SF requer 1 vaga por residência, Houston requer 1,25–2 vagas. São Paulo, um belo exemplo de cidade orientada para o automóvel, exige 1 vaga para cada 35–50 m² em projetos não-residenciais, e um número chocante de 3 vagas por habitação caso a área tenha mais de 500m2. Felizmente existe um movimento hoje para remover a legislação de 1989, que infelizmente não acontece em São Paulo, Porto Alegre ou outras capitais brasileiras que mantém esta regras criadas para o conforto dos motoristas.
Vale lembrar também que a cidade nem sempre foi assim. Desde o início do século 20 até antes do boom automobilístico incentivado pelas municipalidades — e em um ambiente urbano muito menos regulado — a cidade era mais próxima de um ideal de New Urbanism de hoje: prédios de várias alturas, usos mistos, densidade alta em relação à outras cidades da época.
Sendo assim, a imagem que vemos na sala de aula de urbanismo é apenas uma pequena parcela de uma cidade extremamente espalhada, onde maioria dos habitantes não tem outra opção de moradia senão isolados nos subúrbios e dependendo do automóvel para cumprirem suas rotinas.

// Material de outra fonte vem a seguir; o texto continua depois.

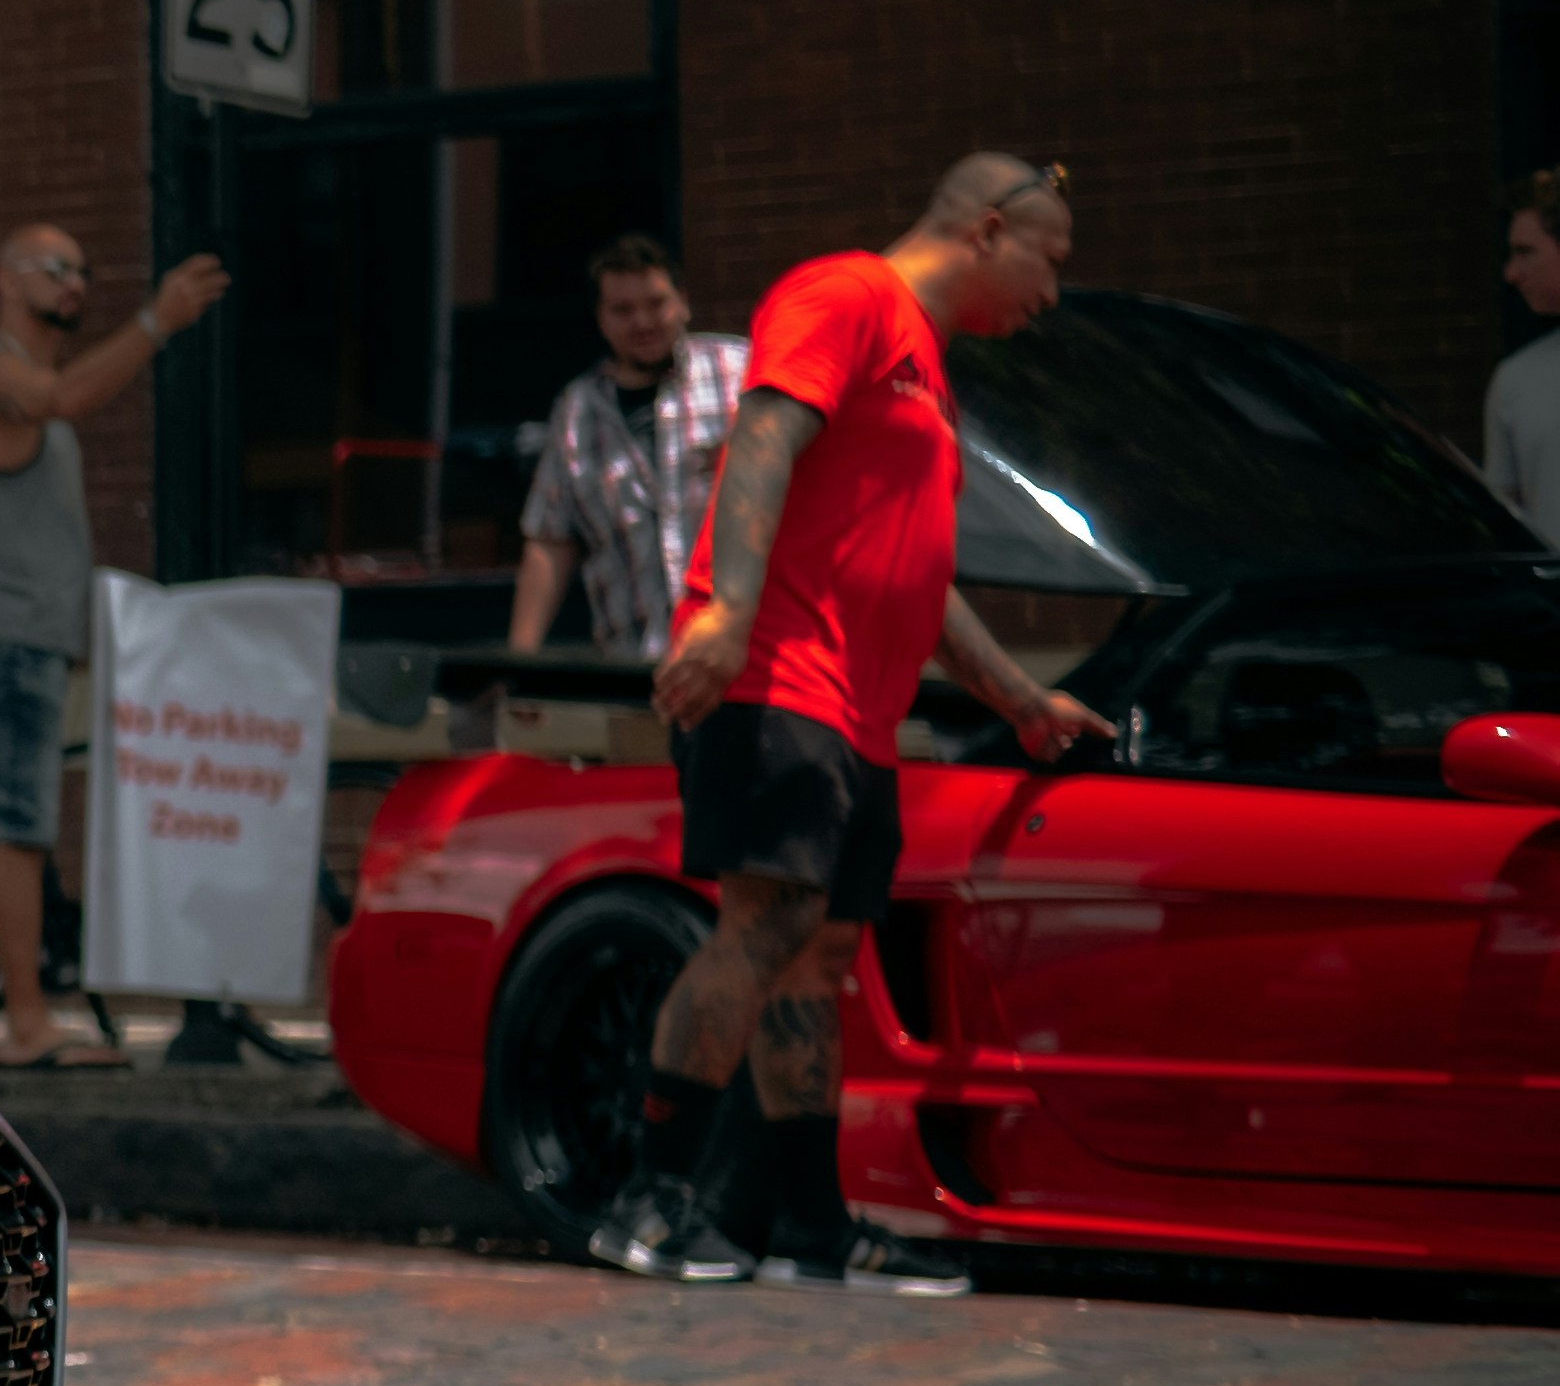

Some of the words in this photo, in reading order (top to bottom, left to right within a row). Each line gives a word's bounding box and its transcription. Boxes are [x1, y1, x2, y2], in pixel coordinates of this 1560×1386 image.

Após esta não tão breve pesquisa histórica e legal me parece claro que a causa disso não é a falta de regulação, mas sim um resultado um tanto óbvio dadas as regulações que foram implementadas pelo sim existente e atuante Departamento de Planejamento de Houston.

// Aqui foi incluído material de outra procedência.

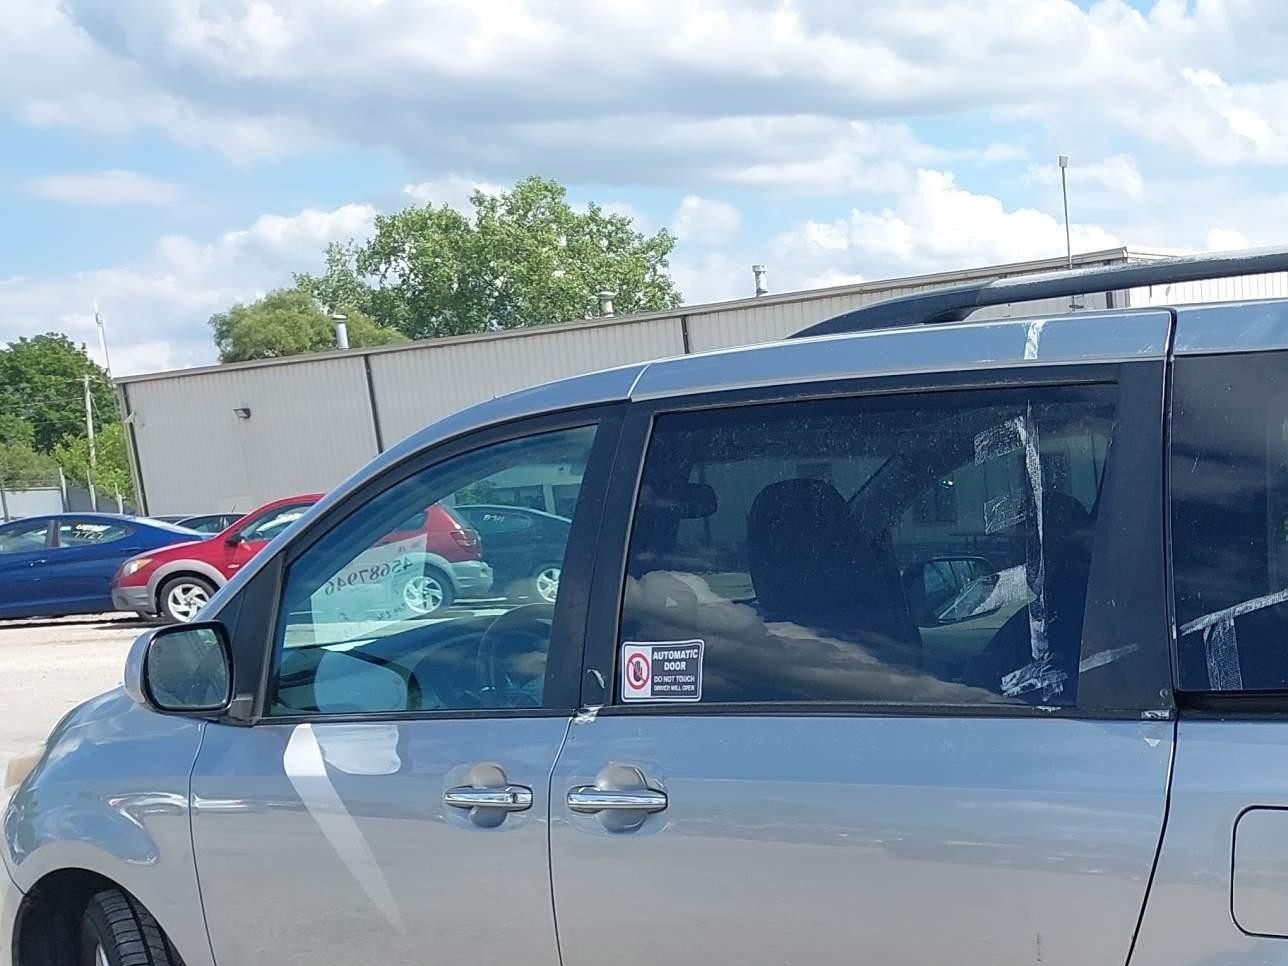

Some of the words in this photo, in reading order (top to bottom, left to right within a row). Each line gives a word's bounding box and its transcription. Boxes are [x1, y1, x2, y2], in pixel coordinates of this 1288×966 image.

[653, 649, 699, 660] AUTOMATIC
[664, 661, 687, 670] DOOR
[676, 675, 695, 683] TOUCH
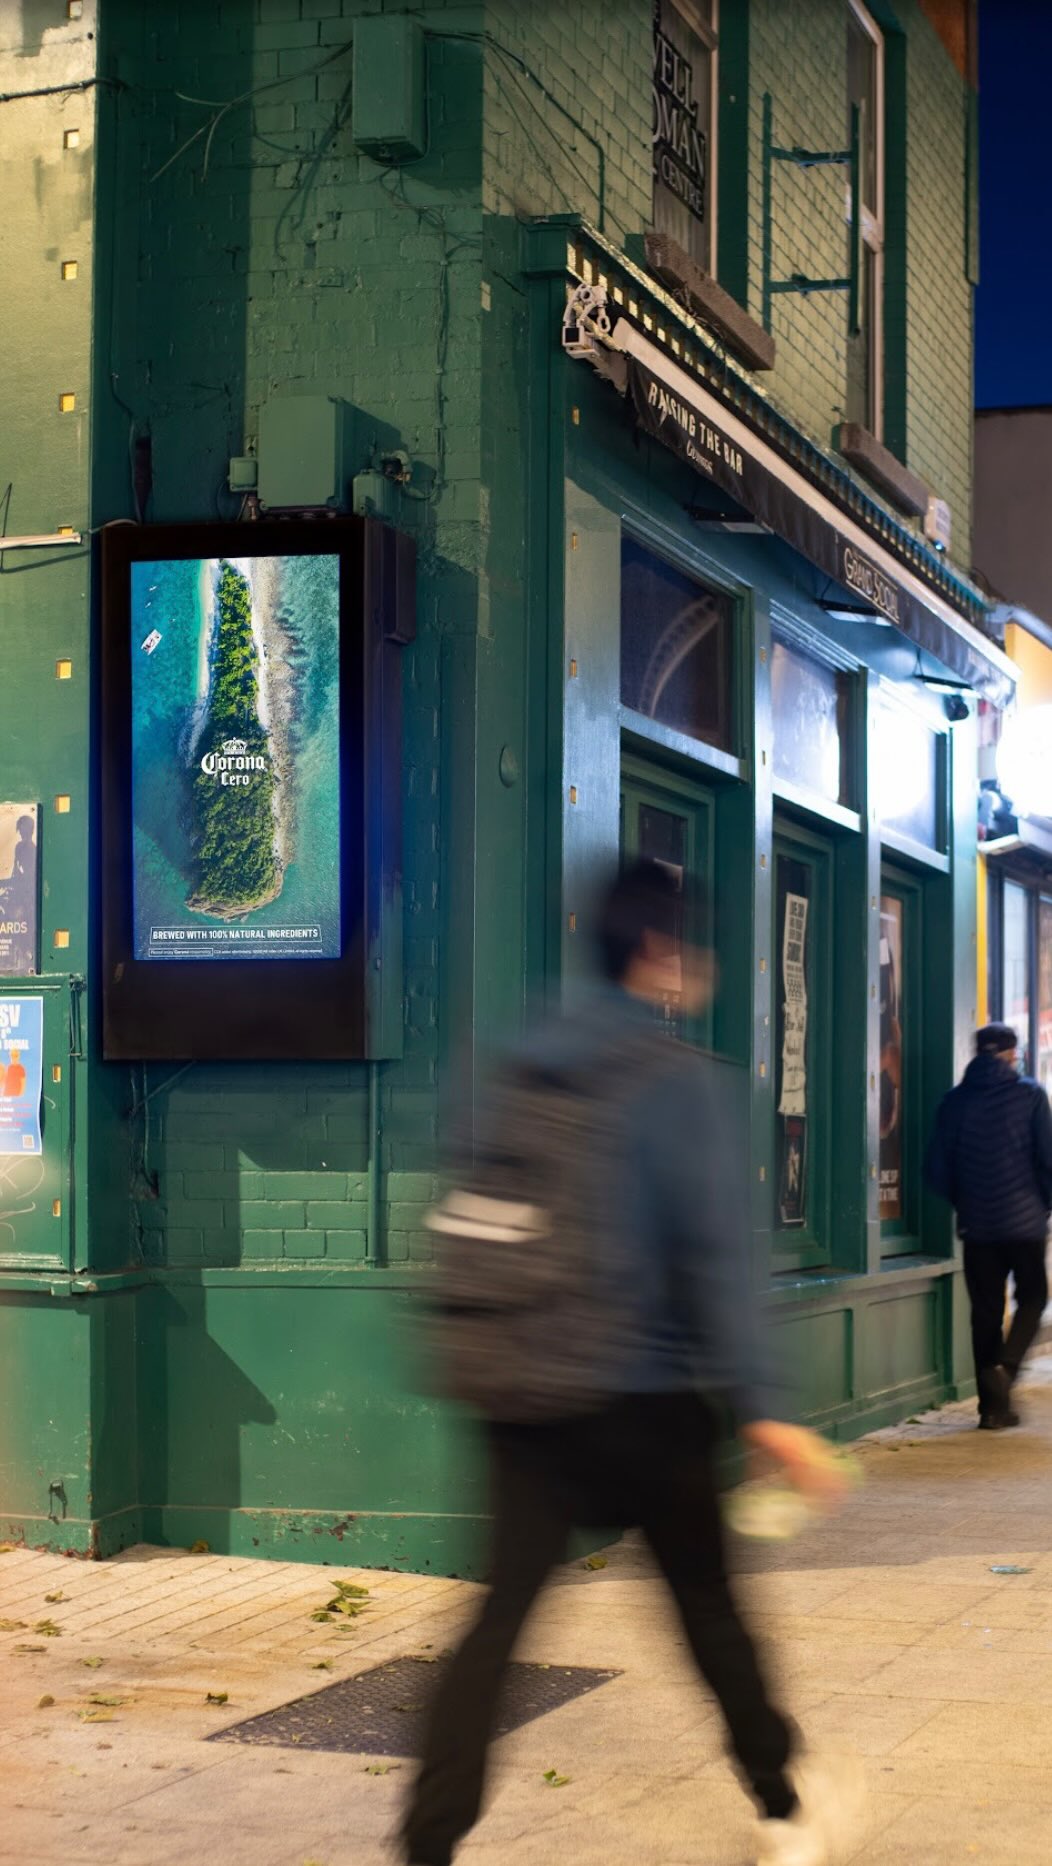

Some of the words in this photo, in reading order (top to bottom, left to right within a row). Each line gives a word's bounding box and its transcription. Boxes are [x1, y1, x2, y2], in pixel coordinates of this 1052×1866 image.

[661, 155, 704, 216] CENTRE
[648, 382, 695, 437] RAISING
[700, 422, 721, 456] THE
[723, 442, 743, 476] BAR
[201, 752, 266, 776] Corona
[221, 771, 250, 786] Cero
[153, 931, 185, 940] BREWED
[187, 930, 207, 939] WITH
[209, 930, 228, 939] 100%
[229, 929, 265, 939] NATURAL
[267, 928, 318, 938] INGREDIENTS

*Na prática isso ocorreria naturalmente sem regulação alguma, já que indústrias pesadas não têm incentivos para comprar terrenos em zonas valorizadas como centros urbanos. Já esses centros urbanos são beneficiados por terem uso misto por todo lugar, o que significa uma vida urbana constante.
“How Overregulation Creates Sprawl Even in a City without Zoning”, Michael Lewyn (Leia)
“Is Houston Really Unplanned?”, Stephen Smith (Leia)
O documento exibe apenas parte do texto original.